13. Remettre en suspension les oeufs à 50.000 œufs / ml dans PBS. Les œufs peuvent être stockés pendant plusieurs mois à -80 ° C et décongelés une fois ou TWICe pour une utilisation. Avant utilisation, vérifier sous un microscope pour s'assurer que les œufs sont toujours intacts (voir Fig. 1).

2. Sensibilisation par voie intrapéritonéale avec S. Oeufs mansoni: Jour 0

1. Préparez les œufs à 5000 oeufs/100 ul de PBS dans un tube de 5 ml snapcap. Pour l'injection, d'estimer les œufs de 50% de plus que nécessaire.
2. Chargez une aiguille de calibre 23 et un ^3/4inch seringue de 1 ml avec 100 uL de suspension d'oeufs par souris. Oeufs de régler, l'aiguille charge alors avec des œufs immédiatement avant utilisation.
3. Seringue rock d'avant en arrière pour mélanger les oeufs avant chaque injection, et d'injecter par voie intrapéritonéale 100 pi de suspension par la souris.

3. Rétro-orbitaire Défi intraveineuse avec S. Oeufs mansoni: Jour 14

1. Préparer les œufs comme ci-dessus à 5.000 oeufs/100 ul.
2. Anesthésier souris dans la chambre spécialisée à l'isoflurane (4%), ou par voie intrapéritonéale avec la xylazine (10 mg / kg) et la kétamine (120 mg / kg). Profondeur de anesthesia est déterminé par le pincement de la patte et en veillant pas de réponse physique.
3. Après chargement de la seringue de 1 ml et 23 aiguille de la jauge ^3/4inch avec des œufs, d'utiliser des pinces pour plier l'aiguille à un angle de 90 ° avec le biseau vers le bas dans l'angle.

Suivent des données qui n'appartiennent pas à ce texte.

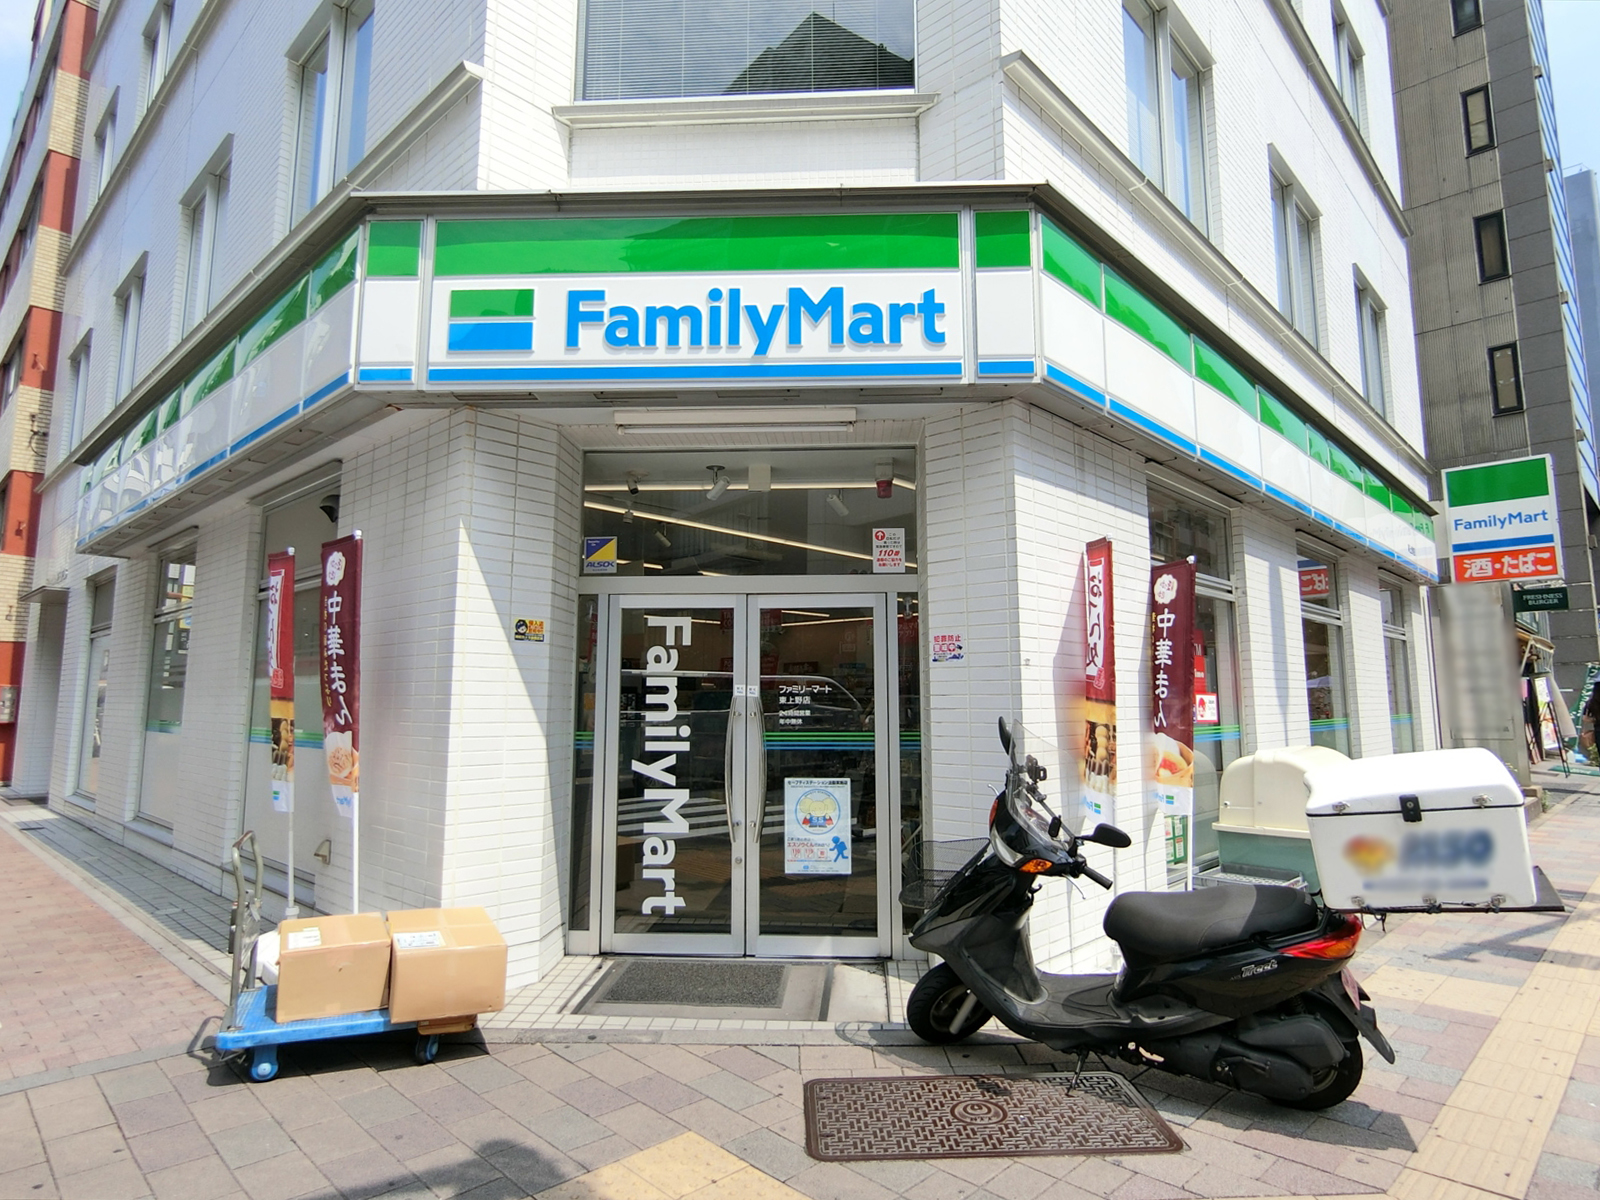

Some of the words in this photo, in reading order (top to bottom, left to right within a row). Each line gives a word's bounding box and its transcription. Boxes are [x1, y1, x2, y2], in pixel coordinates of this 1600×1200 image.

[566, 286, 947, 357] FamilyMart
[1453, 509, 1549, 531] FamilyMart
[1463, 552, 1553, 578] 酒・たばこ
[779, 685, 833, 694] ファミリーマート
[779, 696, 811, 704] 東上野店
[631, 616, 692, 915] FamilyMart

Assurez-vous qu'aucun des bulles sont présentes.
4. Placer la souris sur un côté. Rentrer la peau de sorte œil saillie, et injecter 100 ml dans les vaisseaux derrière le globe oculaire à un angle de 45 ° sur le nez.
5. Retirer l'aiguille et appliquer une légère pression pour contrôler le saignement.

Toutes ces procédures doivent être effectuées avec soin, et la souris doivent être surveillés jusqu'à ce qu'ils récupèrent de l'anesthésie. Ces protocoles ont été approuvés par l'Université de Pennsylvanie soins des animaux et le Comité institutionnel d'utilisation (IACUC).

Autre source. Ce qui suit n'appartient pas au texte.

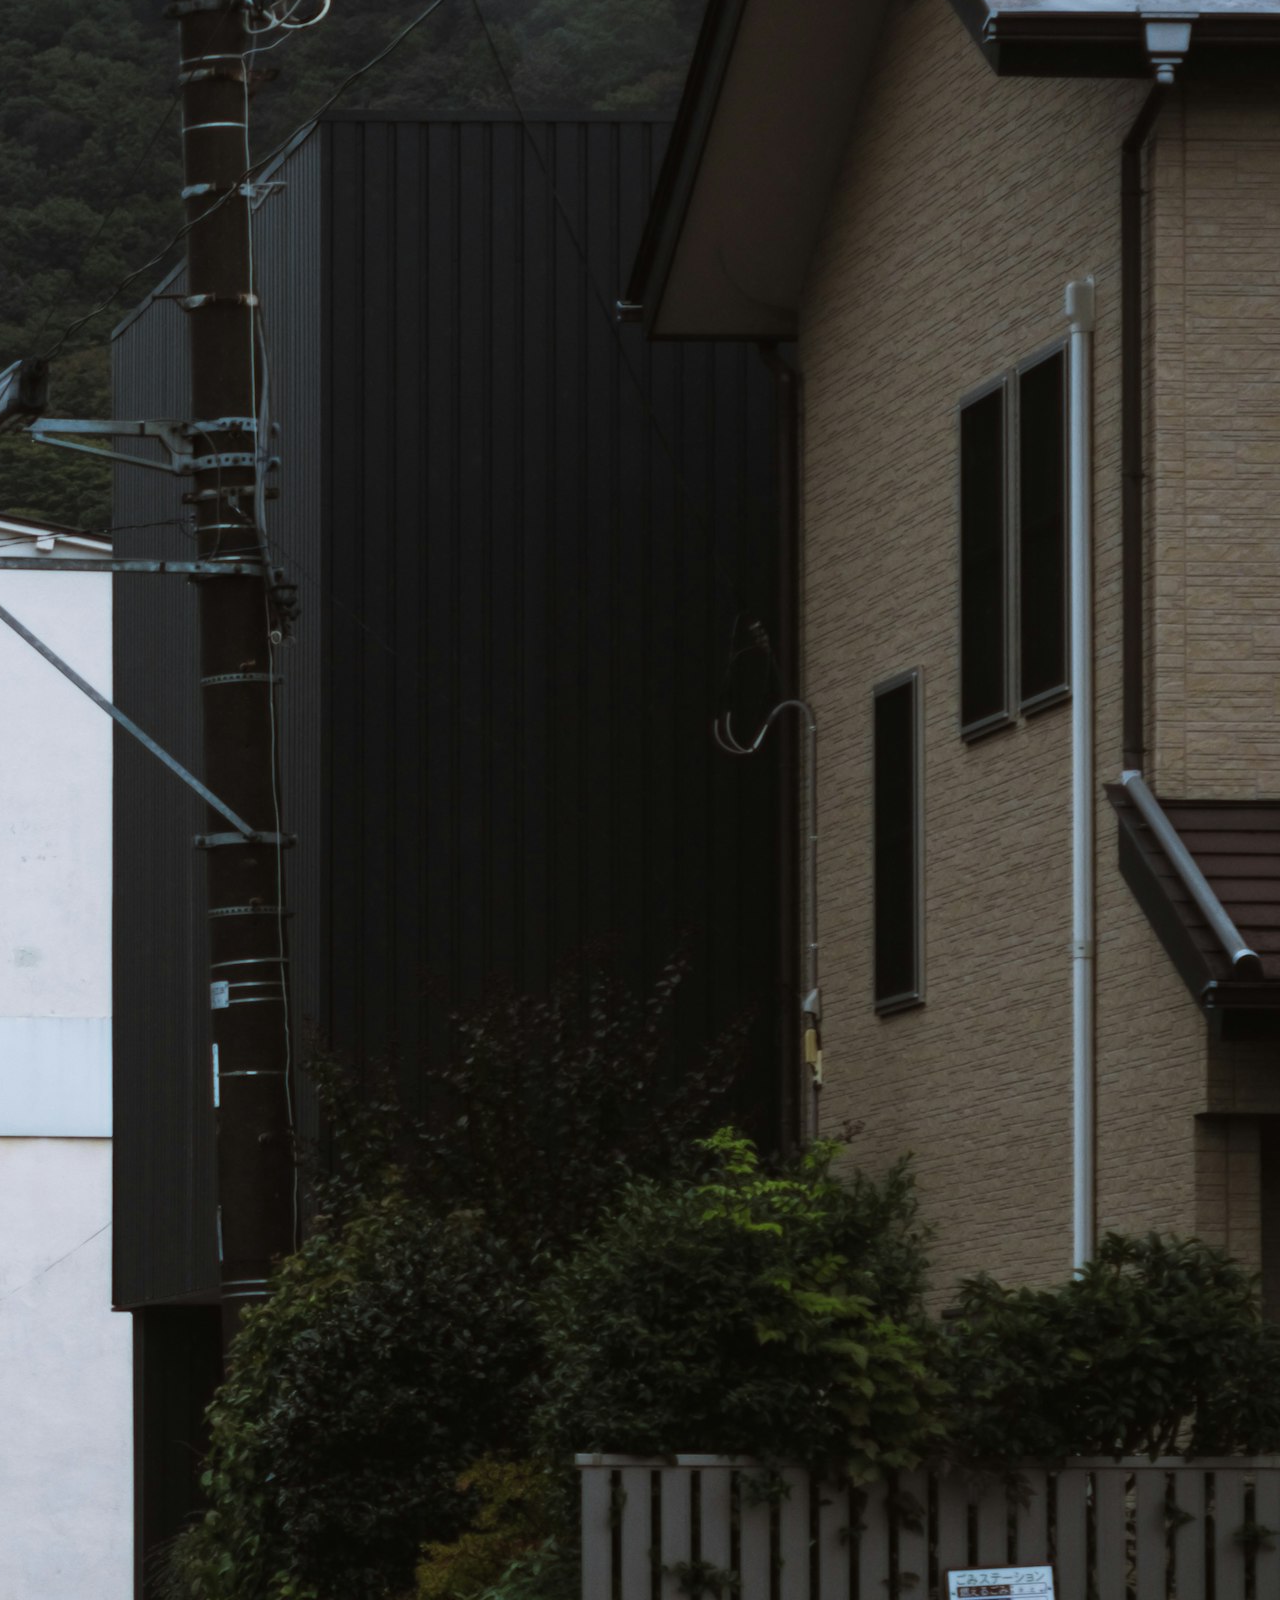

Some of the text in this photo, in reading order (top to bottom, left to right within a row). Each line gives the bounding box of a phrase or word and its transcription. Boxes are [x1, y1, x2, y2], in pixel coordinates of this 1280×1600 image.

[956, 1572, 1045, 1586] ごみステーション

4. Récolte expérimentale: Jour 22

1. Euthanasier les souris avec du CO _2.
2. La souris par voie humide avec de l'éthanol 70%, et le lieu sur le dos.
3. Utilisation de mousse forceps, saisir l'abdomen de la souris et faire une petite incision dans la peau. Retirez soigneusement la peau avec des ciseaux et d'exposer la cage thoracique et du péritoine.
4. Couper le péritoine. Coupez l'aorte abdominale pour récupérer le sang avec une pipette Pasteur. Conservez-le sur la glace.
5. Déplacez le foie vers le bas pour exposer le diaphragme. Utilisez des ciseaux fins de couper le diaphragme. Découpez soigneusement ouvert la cage thoracique afin d'exposer le tissu pulmonaire.
6. Récupérer les ganglions lymphatiques qui drainent parathymic du poumon avec des pinces fines. Ceux-ci sont caché sous la cage thoracique, de chaque côté du thymus ^9. Magasin sur la glace dans 1mL milieux stériles (DMEM supplémenté avec 10% inactivé par la chaleur sérum de veau foetal, 100 U / ml de pénicilline, 100 pg / mL de streptomycine, 2 mM de L-glutamine, 50 uM de 2-mercaptoéthanol, tous disponibles chez Invitrogen).
7. Pour récupérer la BAL, et gonfler les poumons pour l'analyse histologique, l'intubation trachéale doit être effectuée. Exposer la trachée en déplaçant les glandes salivaires sur le côté, et Placing pinces fines sous la trachée. L'aide de ciseaux fins, découpez un trou dans le milieu de la trachée, et insérer le tube dans les poumons. Fixer la tuyauterie en attachant avec un fil chirurgical.
8. Fixez PBS-remplie seringue de 1 ml à la tubulure et gonfler les poumons avec 1 ml de PBS. Soigneusement récupérer lavage BAL avec une seringue. Conservez-le sur la glace.
9. Fixez paraformaldéhyde à 4% (PFA) dans du PBS-remplie seringue de 1 ml à la tubulure et gonfler les poumons.
10. Retirez le tube, et serrer le fil chirurgical pour éviter les fuites de la PFA.
11. Soigneusement disséquer les tissus pulmonaires et les placer dans un tube Falcon de 50 ml avec 5 ml de 4% PFA.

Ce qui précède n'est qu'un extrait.